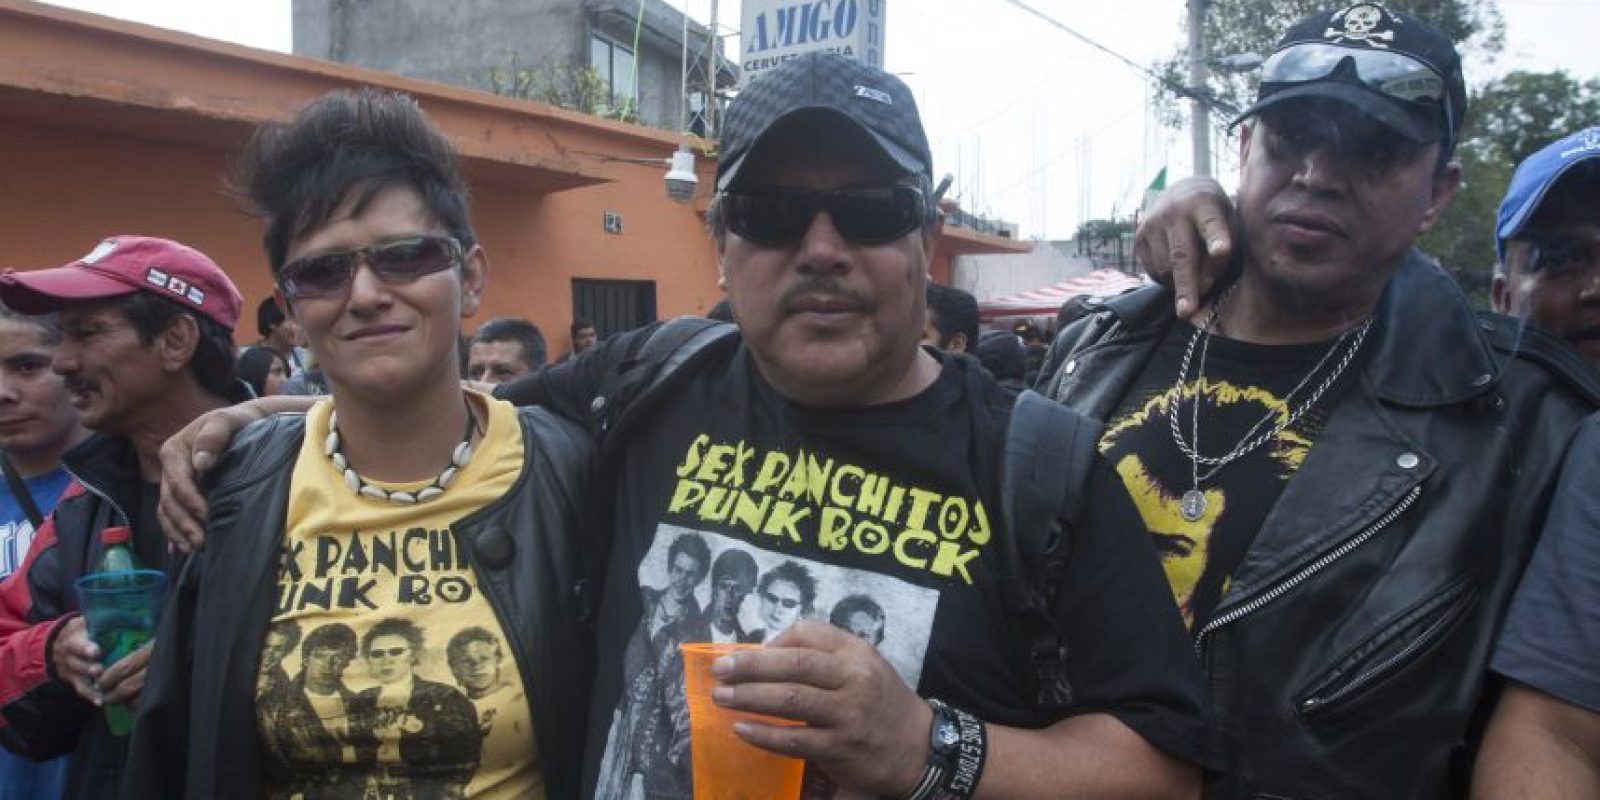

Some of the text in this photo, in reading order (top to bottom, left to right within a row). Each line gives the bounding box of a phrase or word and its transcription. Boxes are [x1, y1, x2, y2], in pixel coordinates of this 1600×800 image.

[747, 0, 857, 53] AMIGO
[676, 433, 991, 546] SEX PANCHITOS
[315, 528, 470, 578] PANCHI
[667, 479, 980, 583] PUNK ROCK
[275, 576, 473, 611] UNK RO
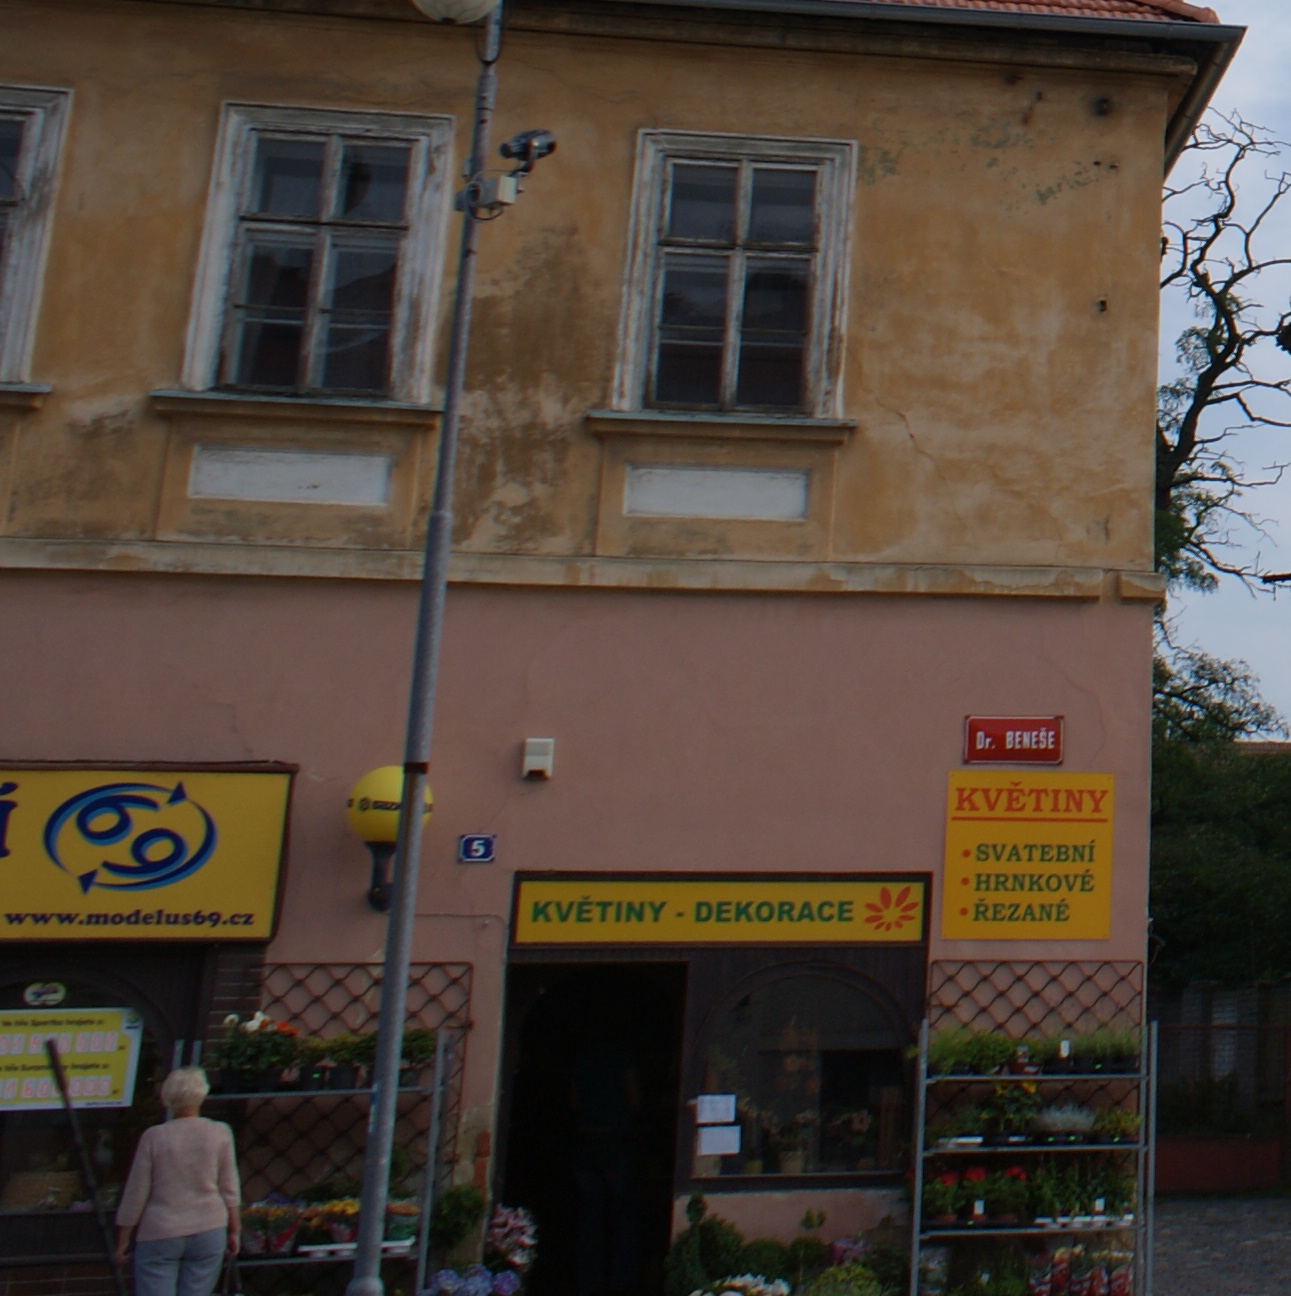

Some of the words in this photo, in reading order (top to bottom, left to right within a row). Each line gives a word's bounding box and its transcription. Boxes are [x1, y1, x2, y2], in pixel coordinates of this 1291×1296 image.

+===+

- How to complete this task:
Could you repeat the listing above exactly, omitting its pictures?

- Answer to this problem:
Some of the text in this photo, in reading order (top to bottom, left to right within a row). Each line gives the bounding box of a phrase or word and its transcription. Boxes are [x1, y1, x2, y2], in pixel coordinates of this 1600×800 image.

[747, 0, 857, 53] AMIGO
[676, 433, 991, 546] SEX PANCHITOS
[315, 528, 470, 578] PANCHI
[667, 479, 980, 583] PUNK ROCK
[275, 576, 473, 611] UNK RO

Some of the words in this photo, in reading order (top to bottom, left to right within a row). Each line gives a word's bounding box and its transcription. Boxes are [x1, y1, x2, y2], in pixel coordinates of this 1291×1296 image.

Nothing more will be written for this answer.